Chubin explained that Iran's use of terrorism has passed through several phases. Terrorism has been used to sustain the momentum of the revolution; to maintain Iranian influence in the region, particularly as a means of defense against the American presence; and to flaunt its role as a key player within the Middle East region whose interests must be taken into account.
During the 1980s and the first half of the 1990s, the Iranian leadership used terrorism as a means of "violent diplomacy" (in strategist Thomas Schelling's phrase). Indeed, Chubin argued, it became a "preferred and normal instrument of policy" that Iran employed both in its region and worldwide. Terror tactics were exercised both in an ideological fashion, against enemies of the regime, and in a strategic fashion, during the Iran-Iraq War against the French, the Americans, and the Kuwaitis. This post-revolutionary phase culminated in the 1996 Khobar Tower bombings in Saudi Arabia, in which Iranian complicity was alleged.
The latter part of the 1990s, which coincided with the ascendancy of reformist president Mohammed Khatami, witnessed a significant shift in Iran's state-sponsored terrorism abroad. Khatami focused on the risks involved in state-sponsored terrorism and attempted "to clean up intelligence agencies." State-sponsored terrorism, Chubin asserted, was driven by three domestic factors: the ideological factor of exporting the revolution; Iran's adoption of an asymmetrical strategy that gave Tehran an option between inaction and direct confrontation; and a consensus among Iranian hard-liners on the utility of terrorism that led it to become "institutionalized within the system."
Chubin explained that the types of terrorism tactics Iran employed are threefold: direct acts against Iranian expatriates (e.g., assassinations); indirect acts, such as its pivotal support Hizbullah in Lebanon; and passive sponsorship, such as hosting leaders of terror organizations. He emphasized that Iran has never paid a high price for its state-sponsored terrorism, relative to its Middle Eastern counterparts. Syria and Libya both were the targets of U.N. imposed sanctions, while Iraq underwent a complete regime change. Chubin stated that in the case of Iran, the unwillingness of the international community to penalize Iran, "makes it difficult [for those inside the regime] to argue against [terrorism]."
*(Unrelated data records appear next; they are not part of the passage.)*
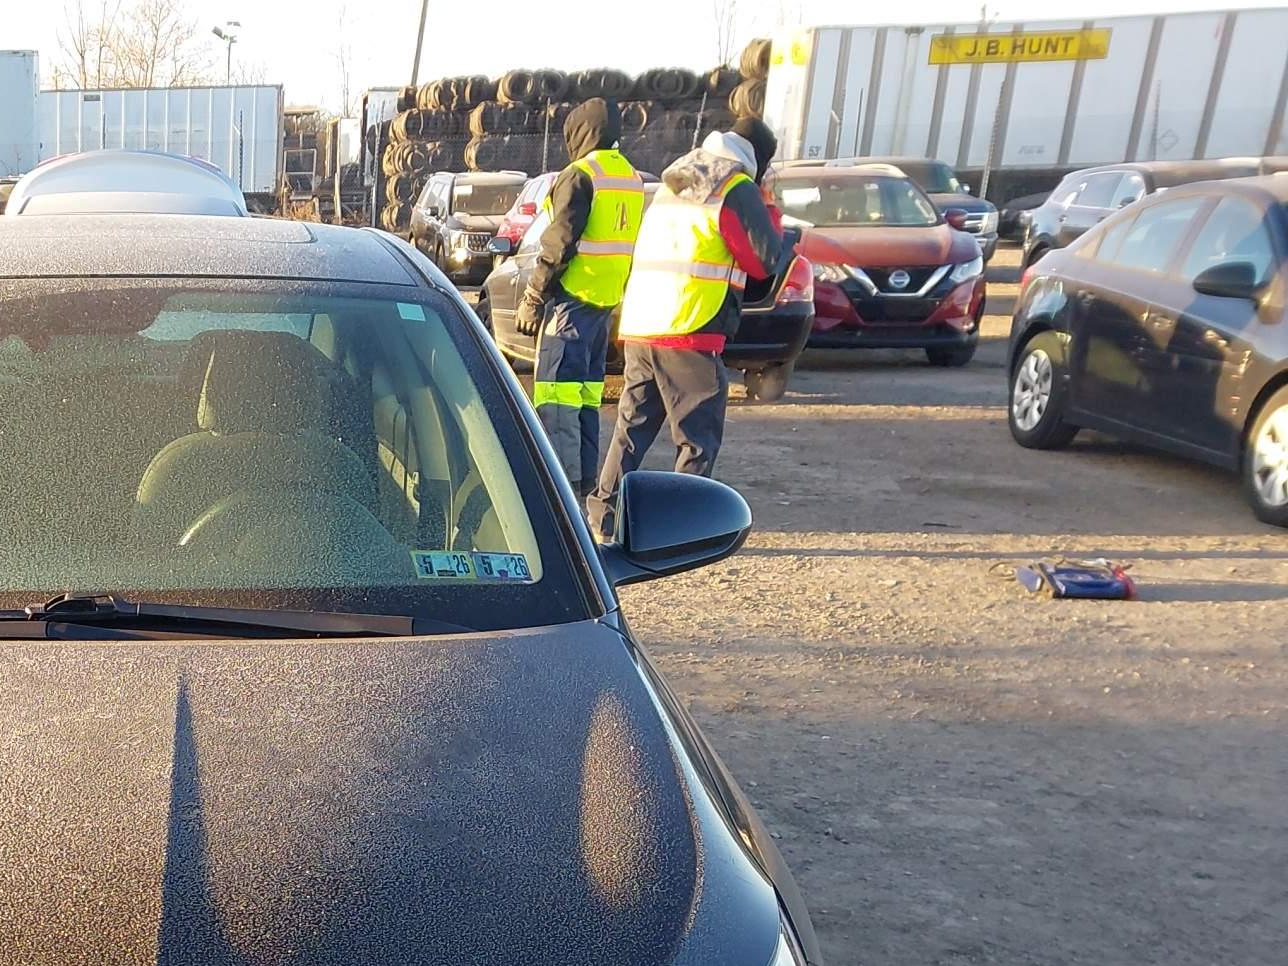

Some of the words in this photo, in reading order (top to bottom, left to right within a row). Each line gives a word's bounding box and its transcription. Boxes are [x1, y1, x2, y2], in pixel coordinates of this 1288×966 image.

[1011, 36, 1074, 55] HUNT
[422, 555, 434, 575] 5
[452, 554, 471, 574] 26
[480, 555, 494, 576] 5
[511, 556, 529, 576] 26
Chubin stated that although "in theory, the risks of practicing terrorism have increased since 9/11," Iran's use of terrorism has not decreased because of Iran's increased self-confidence under President Ahmadinejad, and because the entangling presence of the United States in neighboring Iraq and Afghanistan (originally perceived as a threat to Iran) now creates a vulnerability that Iran can potentially exploit.
Chubin concluded that the "Libyan model has to be the ultimate aim of the United States administration," for Iran. The crux of that deal was a Libyan willingness to cease the behavior concern to the United States with respect to weapons proliferation and terrorism in return for a tacit assurance of regime security from Washington. The fact that Iran's Revolutionary Guards are responsible both for the nuclear installations and managing ties with terror groups underscores that the United States cannot focus solely on Iran's nuclear program. Rather, it must deal with all aspects of the problem. A solution to the nuclear problem can only be "a starting point to the challenge of dealing with Iran."